Exercise objective:
Only the pictures are dropped; the lines of the material that follow are returned exactly.

Records to use:

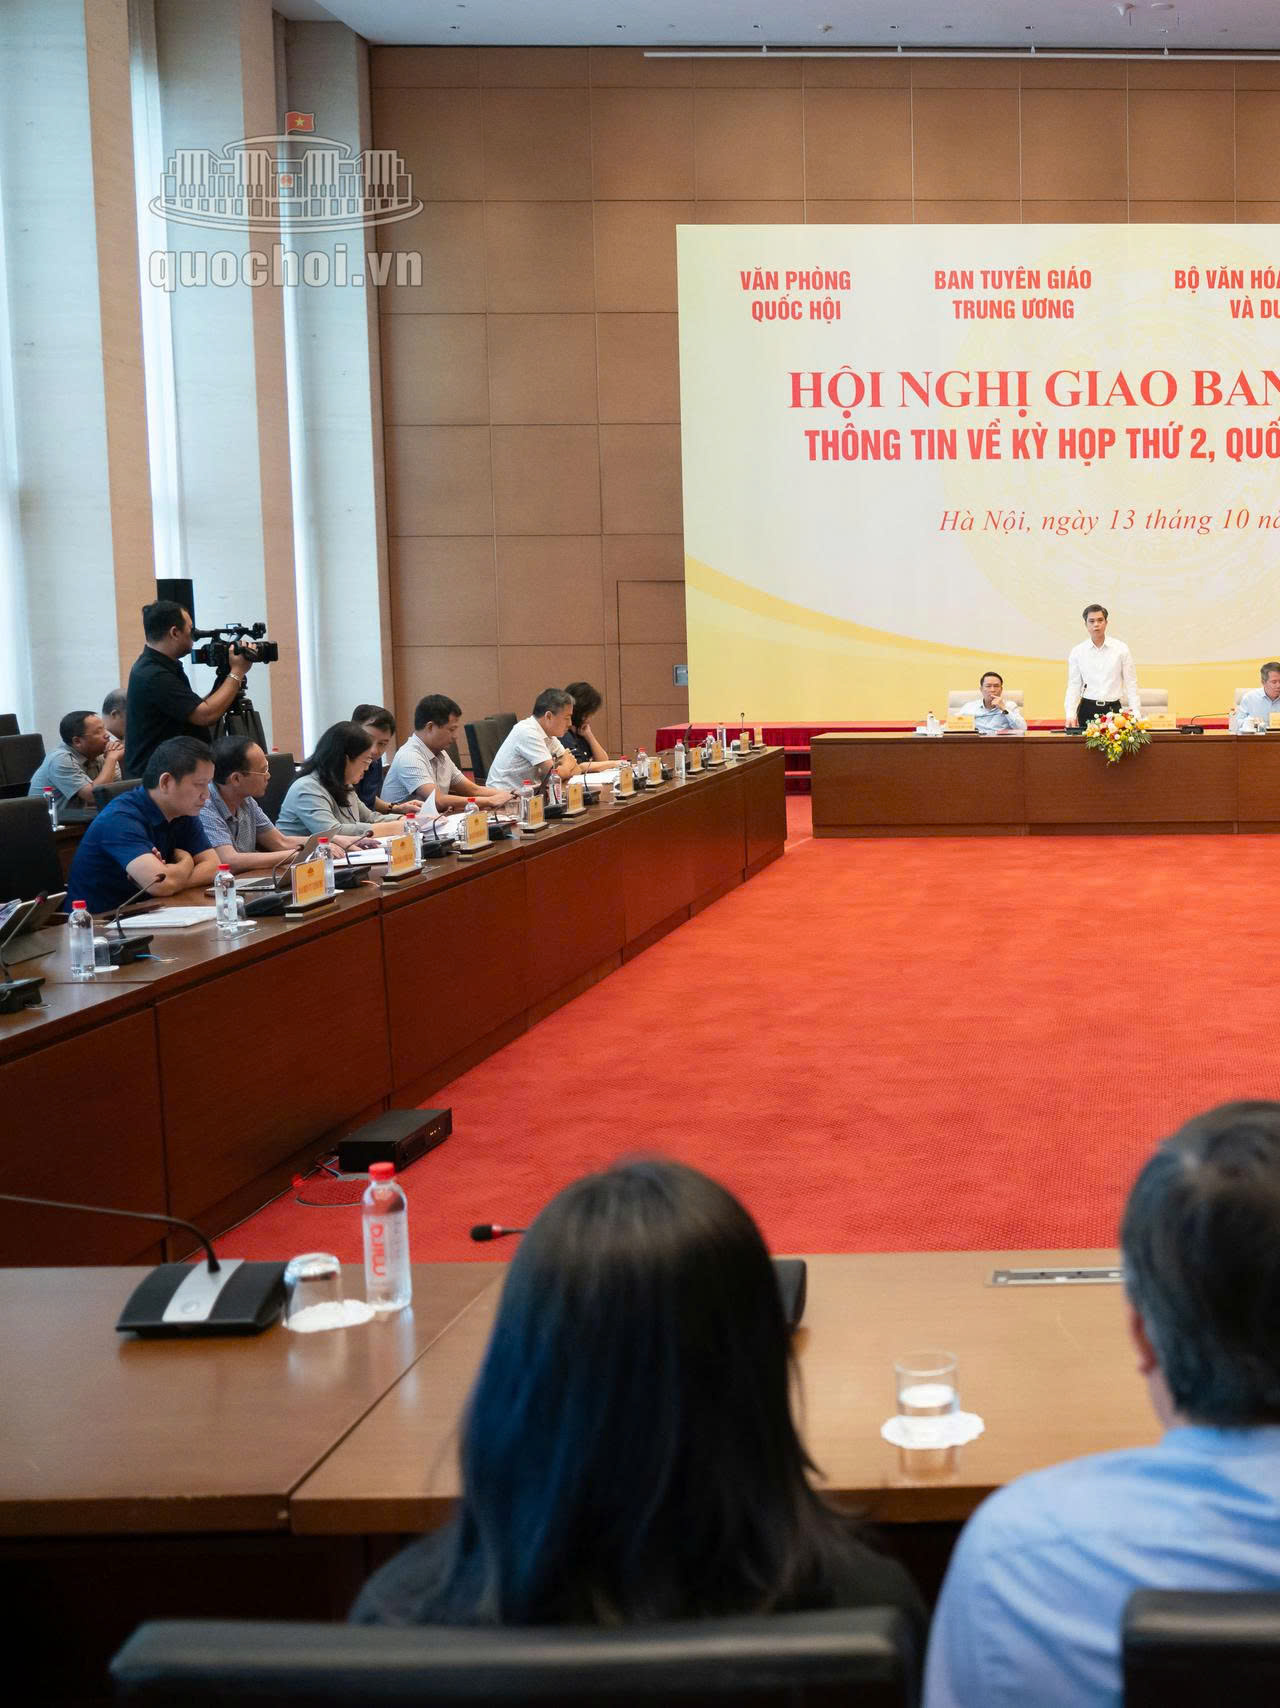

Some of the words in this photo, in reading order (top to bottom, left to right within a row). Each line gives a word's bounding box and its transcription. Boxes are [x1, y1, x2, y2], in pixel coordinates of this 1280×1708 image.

[740, 265, 780, 291] VĂN
[785, 266, 852, 291] PHÒNG
[934, 270, 975, 290] BAN
[979, 265, 1041, 290] TUYÊN
[1047, 265, 1093, 290] GIÁO
[1174, 265, 1200, 294] BỘ
[1205, 265, 1245, 290] VĂN
[751, 294, 803, 322] QUỐC
[809, 296, 842, 324] HỘI
[952, 299, 1016, 320] TRUNG
[1022, 297, 1075, 320] ƯƠNG
[1229, 295, 1255, 320] VÀ
[788, 365, 886, 419] HỘI
[897, 370, 1032, 418] NGHỊ
[1045, 369, 1178, 407] GIAO
[803, 422, 902, 461] THÔNG
[909, 428, 958, 461] TIN
[966, 418, 1002, 461] VỀ
[1011, 421, 1049, 460] KỲ
[1058, 427, 1117, 467] HỌP
[1125, 420, 1184, 460] THỨ
[1189, 427, 1216, 463] 2,
[938, 510, 975, 531] Hà
[983, 510, 1032, 537] Nội,
[1041, 511, 1099, 537] ngày
[1110, 509, 1136, 530] 13
[1145, 508, 1213, 535] tháng
[1223, 508, 1250, 529] 10
[369, 1222, 386, 1277] mira

Answer for the task:
Some of the words in this photo, in reading order (top to bottom, left to right within a row). Each line gives a word's bounding box and its transcription. Boxes are [x1, y1, x2, y2], in pixel coordinates of this 1280×1708 image.

[740, 265, 780, 291] VĂN
[785, 266, 852, 291] PHÒNG
[934, 270, 975, 290] BAN
[979, 265, 1041, 290] TUYÊN
[1047, 265, 1093, 290] GIÁO
[1174, 265, 1200, 294] BỘ
[1205, 265, 1245, 290] VĂN
[751, 294, 803, 322] QUỐC
[809, 296, 842, 324] HỘI
[952, 299, 1016, 320] TRUNG
[1022, 297, 1075, 320] ƯƠNG
[1229, 295, 1255, 320] VÀ
[788, 365, 886, 419] HỘI
[897, 370, 1032, 418] NGHỊ
[1045, 369, 1178, 407] GIAO
[803, 422, 902, 461] THÔNG
[909, 428, 958, 461] TIN
[966, 418, 1002, 461] VỀ
[1011, 421, 1049, 460] KỲ
[1058, 427, 1117, 467] HỌP
[1125, 420, 1184, 460] THỨ
[1189, 427, 1216, 463] 2,
[938, 510, 975, 531] Hà
[983, 510, 1032, 537] Nội,
[1041, 511, 1099, 537] ngày
[1110, 509, 1136, 530] 13
[1145, 508, 1213, 535] tháng
[1223, 508, 1250, 529] 10
[369, 1222, 386, 1277] mira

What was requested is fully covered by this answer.